Jerry Yang resigns from Yahoo's board of directors

By | January 17, 2012, 2:15pm PST

Summary: Yahoo’s former CEO and co-founder appears to be leaving the company for good with his resignation from Yahoo’s board of directors.

Just a few months after the sudden (and forced) departure of former CEO Carol Bartz, we have another major resignation from Yahoo.

This time it is former CEO and co-founder Jerry Yang, who announced his resignation from the Yahoo board of directors — as well as all other positions within the company — effective immediately.

Yang wrote in a letter to the Yahoo board chairman Roy Bostock:

My time at Yahoo!, from its founding to the present, has encompassed some of the most exciting and rewarding experiences of my life. However, the time has come for me to pursue other interests outside of Yahoo!

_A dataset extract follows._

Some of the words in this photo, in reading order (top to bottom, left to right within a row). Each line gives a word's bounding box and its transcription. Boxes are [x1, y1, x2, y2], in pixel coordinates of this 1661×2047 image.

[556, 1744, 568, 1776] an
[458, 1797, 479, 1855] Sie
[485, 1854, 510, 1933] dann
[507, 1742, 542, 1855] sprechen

As I leave the company I co-founded nearly 17 years ago, I am enthusiastic about the appointment of Scott Thompson as Chief Executive Officer and his ability, along with the entire Yahoo! leadership team, to guide Yahoo! into an exciting and successful future.

Yang also resigned from the boards of Yahoo Japan Corporation and the Alibaba Group, effective today.

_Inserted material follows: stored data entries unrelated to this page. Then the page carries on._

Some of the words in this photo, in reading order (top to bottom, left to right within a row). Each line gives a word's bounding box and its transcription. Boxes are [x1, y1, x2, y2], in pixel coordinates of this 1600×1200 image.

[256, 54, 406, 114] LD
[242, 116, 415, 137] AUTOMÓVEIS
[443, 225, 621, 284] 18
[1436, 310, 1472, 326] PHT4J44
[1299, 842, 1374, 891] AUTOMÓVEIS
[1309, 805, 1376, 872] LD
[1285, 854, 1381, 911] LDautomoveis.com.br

Yahoo has had a major reshuffle at the top lately, most recently with the hiring of PayPal’s chief executive Scott Thompson as its new CEO.

The statement did not include any reasoning as to why Yang has departed Yahoo (besides the very nondescript “other interests”), although it appears to be spun in more a positive light — at least when you compare it to Bartz’s firing over the phone in September.

However, earlier this month it was reported that Yahoo was looking for new blood on its board and replace “possible outgoing directors.”

The timing of Yang’s departure is too coincidental for this tidbit to not refer to him, but does this mean that Yahoo will be losing (or axing) more board members?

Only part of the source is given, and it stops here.